[Image-backed grounding data]
###

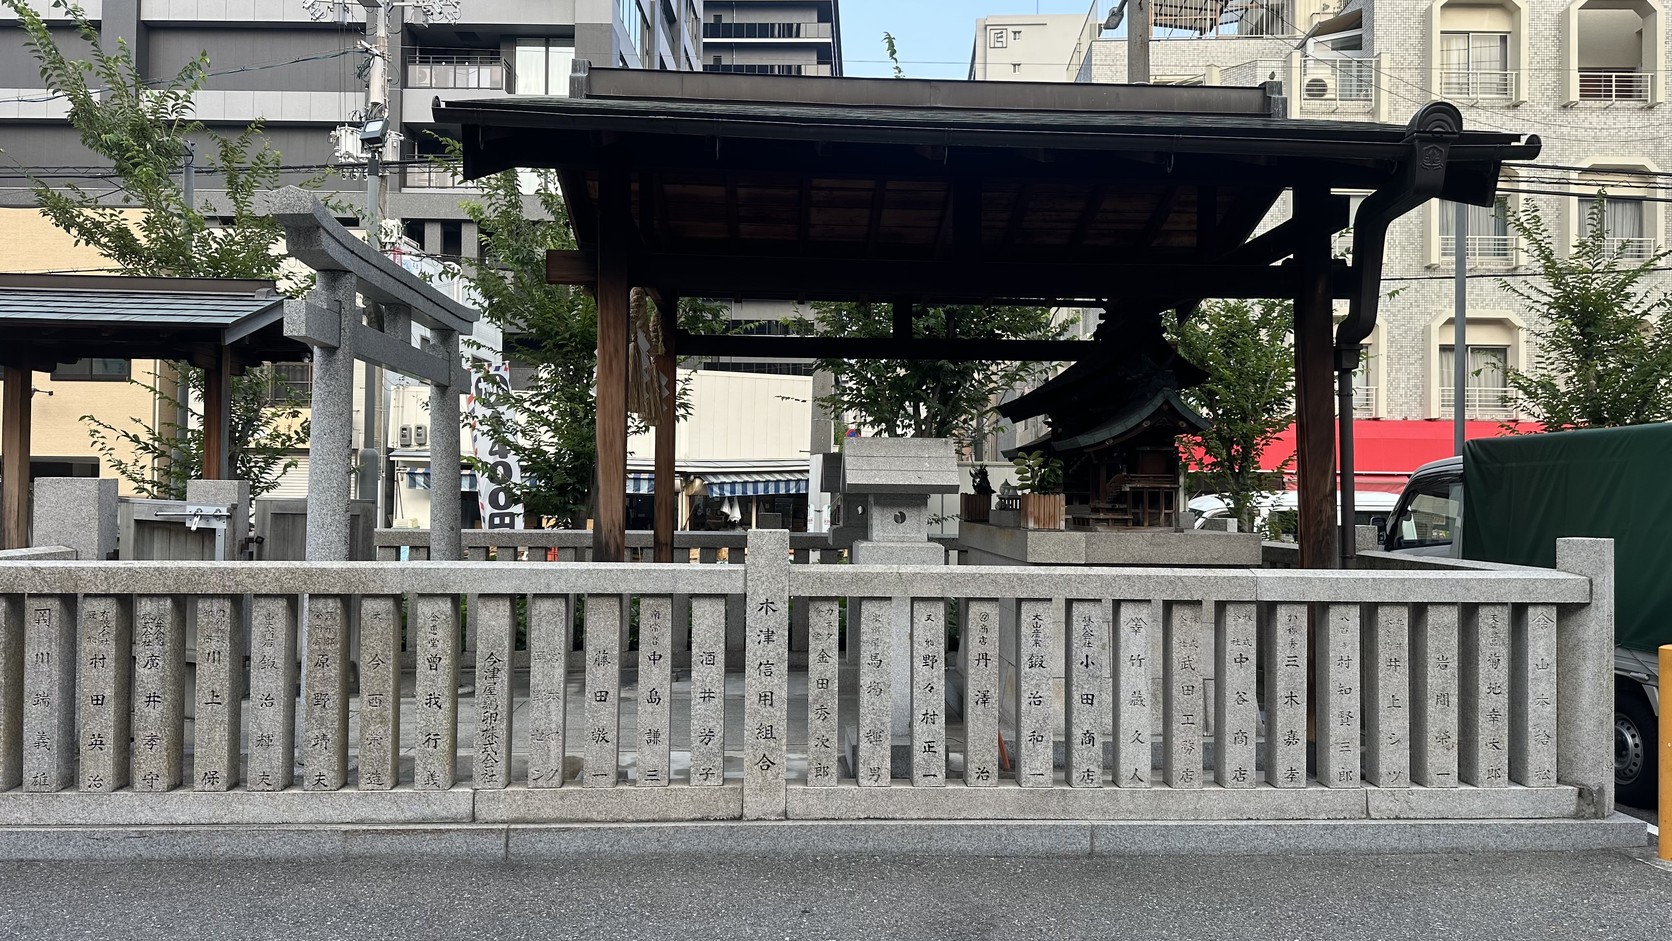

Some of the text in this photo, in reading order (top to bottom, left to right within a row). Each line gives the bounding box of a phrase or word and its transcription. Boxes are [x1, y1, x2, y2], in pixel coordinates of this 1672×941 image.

[87, 653, 107, 788] 村田英治
[201, 650, 222, 786] 川上保
[591, 650, 611, 778] 藤田敬一
[645, 651, 663, 781] 中島謙三
[698, 651, 716, 781] 酒井芳子
[755, 599, 777, 771] 木津信用組合
[814, 649, 831, 778] 金田秀次郎
[921, 655, 938, 778] 野々村正一
[1079, 615, 1095, 783] 株式会社 小田商店
[1180, 656, 1196, 783] 武田工務店
[1232, 653, 1249, 782] 中谷商店
[1284, 655, 1300, 783] 三木嘉孝
[1387, 658, 1401, 783] 井上シツ
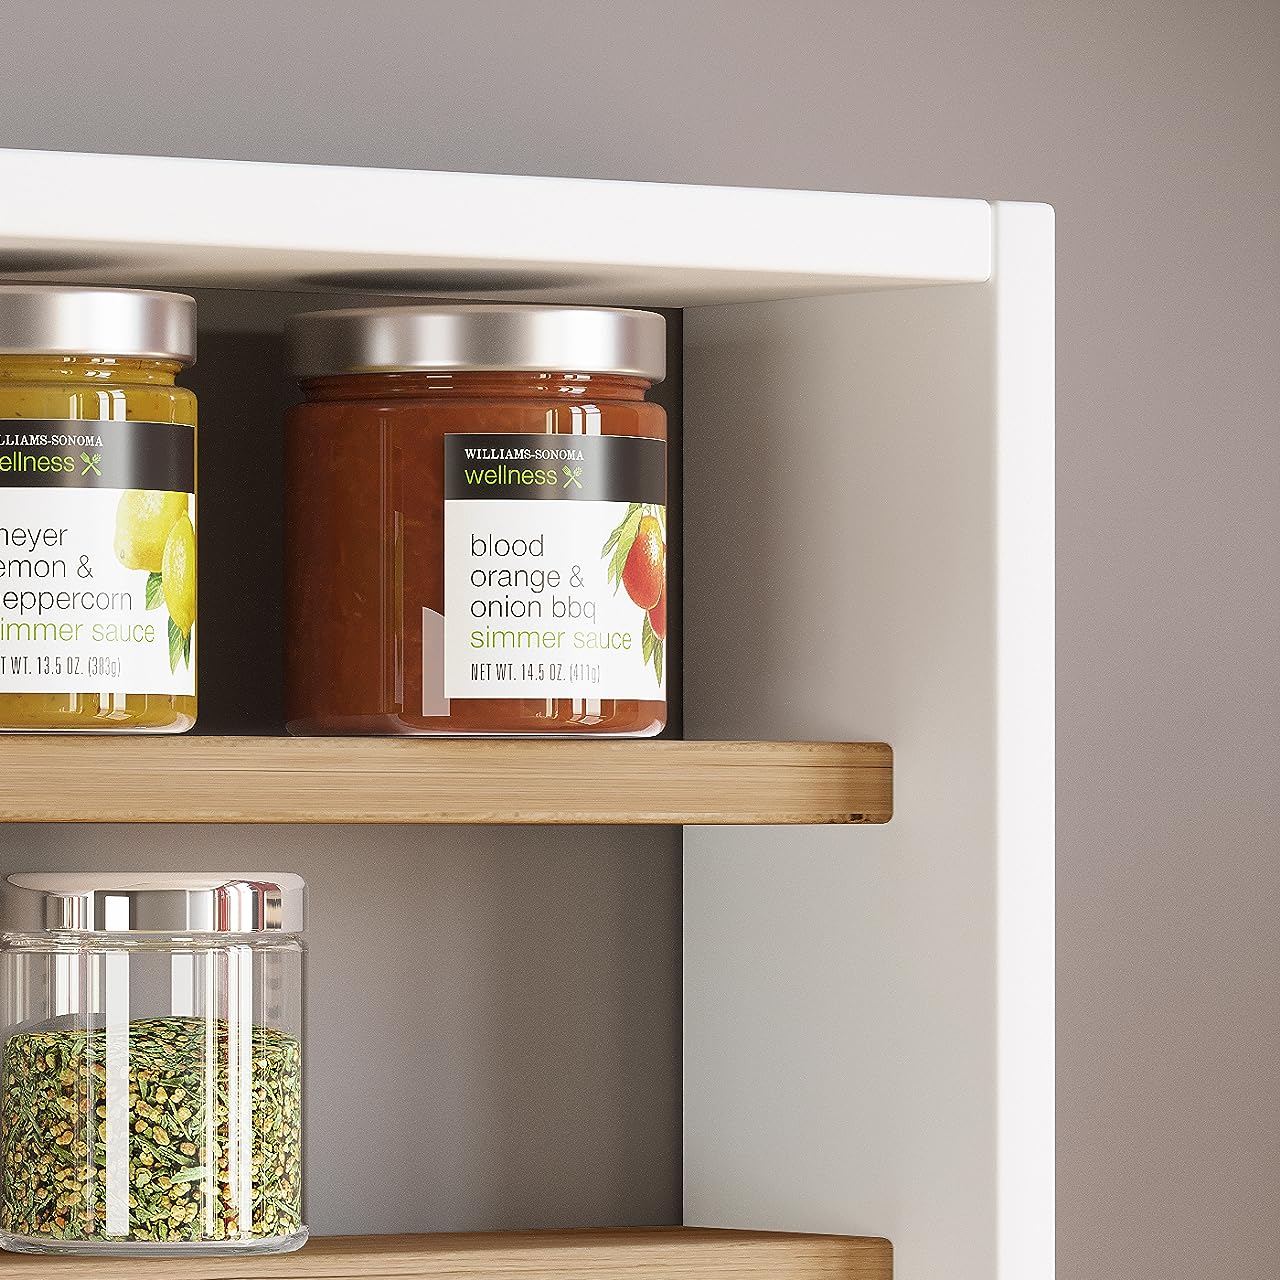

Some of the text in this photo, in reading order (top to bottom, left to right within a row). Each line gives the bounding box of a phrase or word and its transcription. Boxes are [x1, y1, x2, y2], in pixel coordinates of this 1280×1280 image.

[464, 449, 585, 461] WILLIAMS-SONOMA
[464, 465, 558, 486] wellness
[471, 534, 544, 557] blood
[76, 555, 94, 579] &
[470, 565, 585, 593] orange &
[470, 595, 597, 624] onion bbq
[91, 624, 155, 642] sauce
[470, 626, 632, 650] simmer sauce
[11, 656, 32, 675] WT.
[37, 656, 61, 675] 13.5
[67, 656, 83, 675] OZ.
[88, 656, 120, 678] (383g)
[471, 663, 492, 681] NET
[496, 663, 517, 681] WT.
[521, 663, 544, 681] 14.5
[549, 663, 566, 681] OZ.
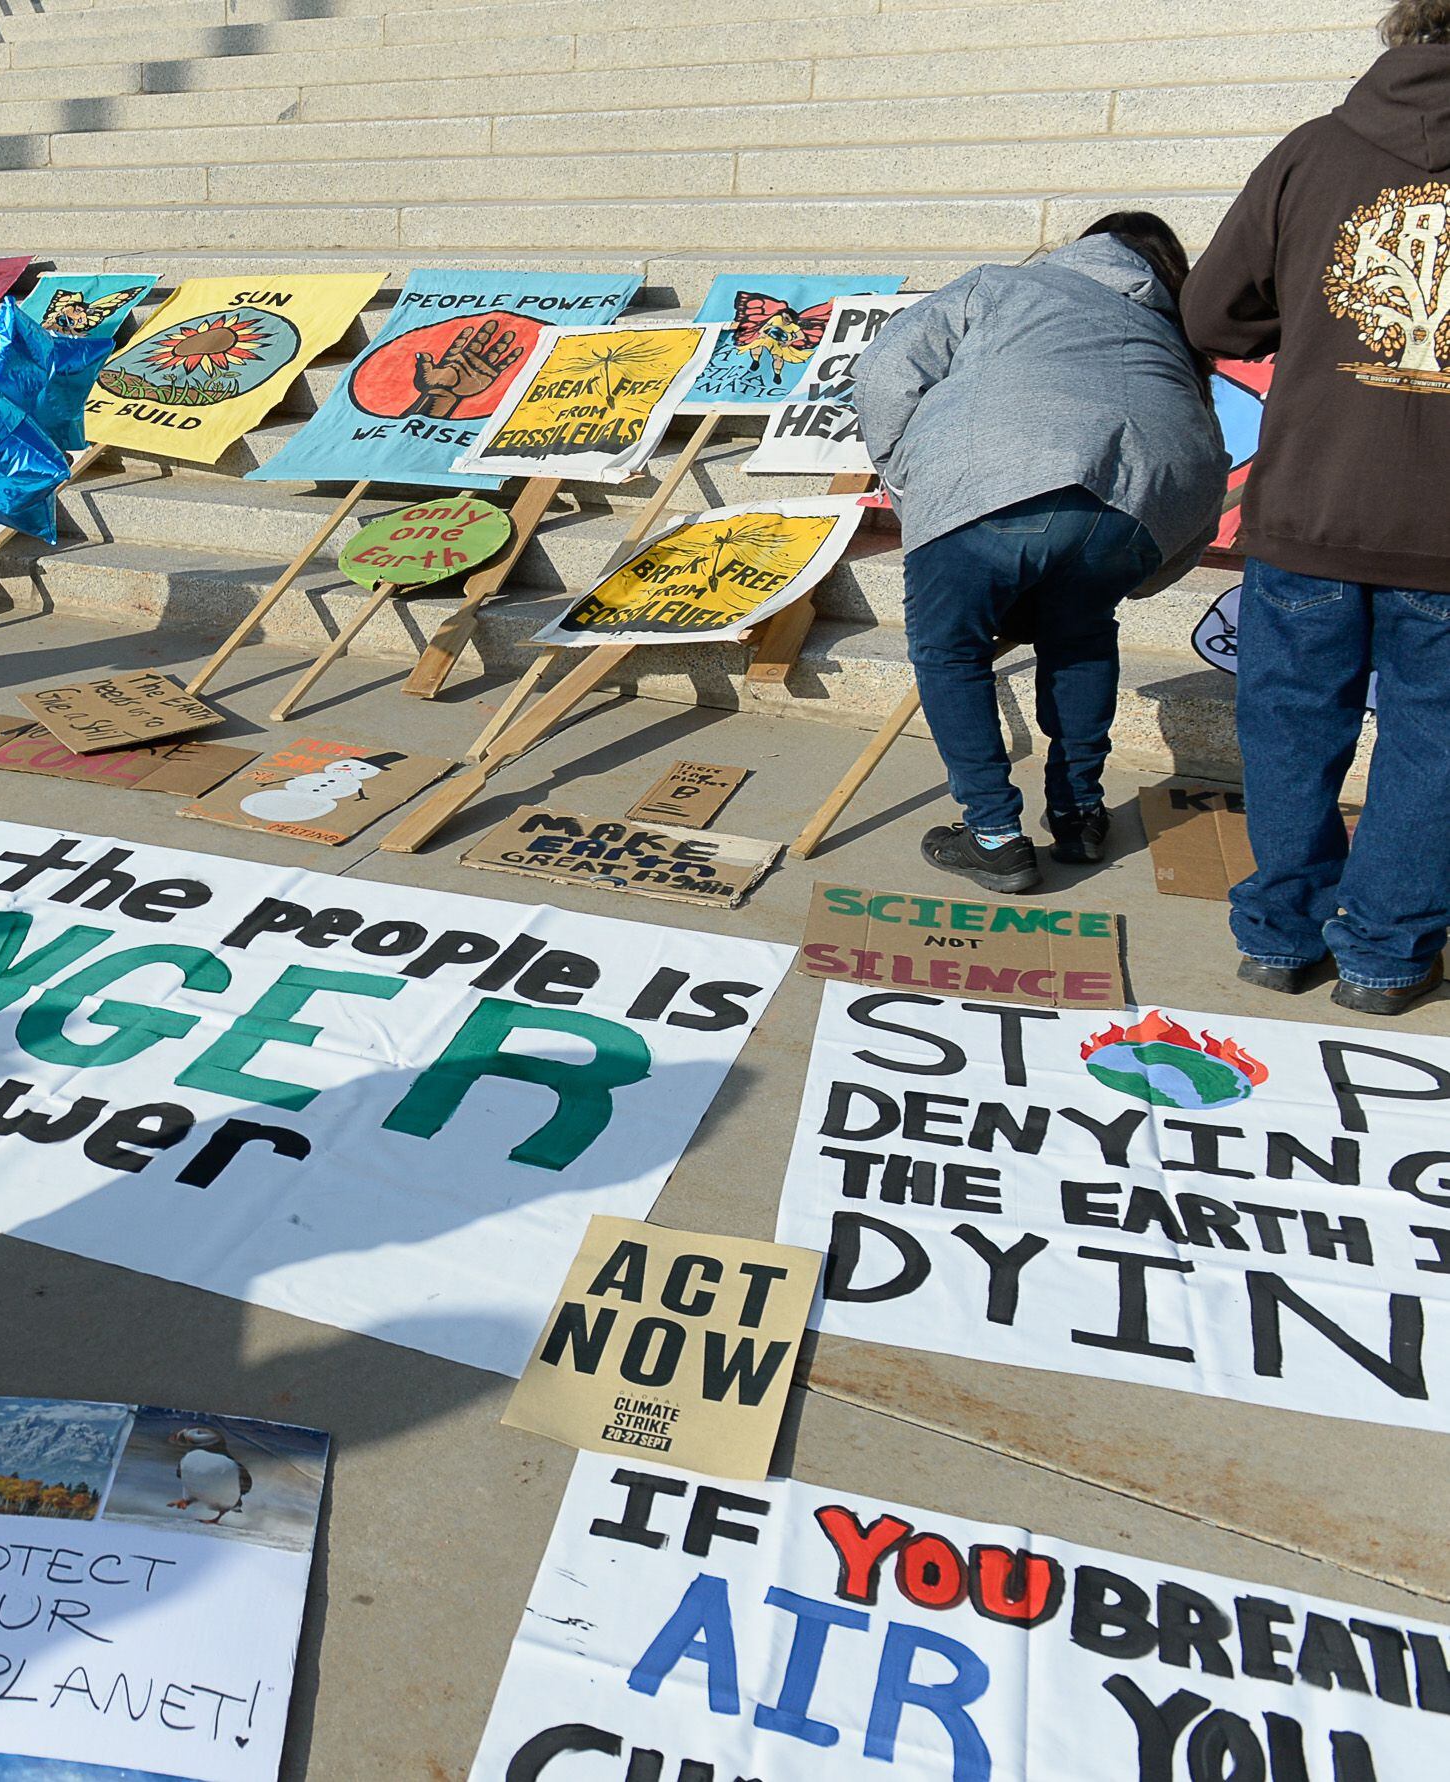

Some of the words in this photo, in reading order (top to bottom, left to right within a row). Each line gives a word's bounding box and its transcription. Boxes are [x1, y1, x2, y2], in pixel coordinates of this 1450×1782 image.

###

[Task directions] Every line above should be printed again word for word, without its pictures.

[Task solution]
Some of the text in this photo, in reading order (top to bottom, left to right within a row). Each line gives the bounding box of a phrase or word and its transcription. Boxes are [x1, y1, x2, y2], in pixel coordinates of this 1672×941 image.

[87, 653, 107, 788] 村田英治
[201, 650, 222, 786] 川上保
[591, 650, 611, 778] 藤田敬一
[645, 651, 663, 781] 中島謙三
[698, 651, 716, 781] 酒井芳子
[755, 599, 777, 771] 木津信用組合
[814, 649, 831, 778] 金田秀次郎
[921, 655, 938, 778] 野々村正一
[1079, 615, 1095, 783] 株式会社 小田商店
[1180, 656, 1196, 783] 武田工務店
[1232, 653, 1249, 782] 中谷商店
[1284, 655, 1300, 783] 三木嘉孝
[1387, 658, 1401, 783] 井上シツ

Some of the text in this photo, in reading order (top to bottom, left to right within a row). Each line gives the bounding box of a phrase or word and its transcription. Boxes are [x1, y1, x2, y2], in pixel coordinates of this 1280×1280 image.

[464, 449, 585, 461] WILLIAMS-SONOMA
[464, 465, 558, 486] wellness
[471, 534, 544, 557] blood
[76, 555, 94, 579] &
[470, 565, 585, 593] orange &
[470, 595, 597, 624] onion bbq
[91, 624, 155, 642] sauce
[470, 626, 632, 650] simmer sauce
[11, 656, 32, 675] WT.
[37, 656, 61, 675] 13.5
[67, 656, 83, 675] OZ.
[88, 656, 120, 678] (383g)
[471, 663, 492, 681] NET
[496, 663, 517, 681] WT.
[521, 663, 544, 681] 14.5
[549, 663, 566, 681] OZ.

Some of the words in this photo, in reading order (top to bottom, left to right within a row). Each line gives a word's bounding box and its transcription. Boxes are [x1, y1, x2, y2], in pixel coordinates of this 1450×1782 image.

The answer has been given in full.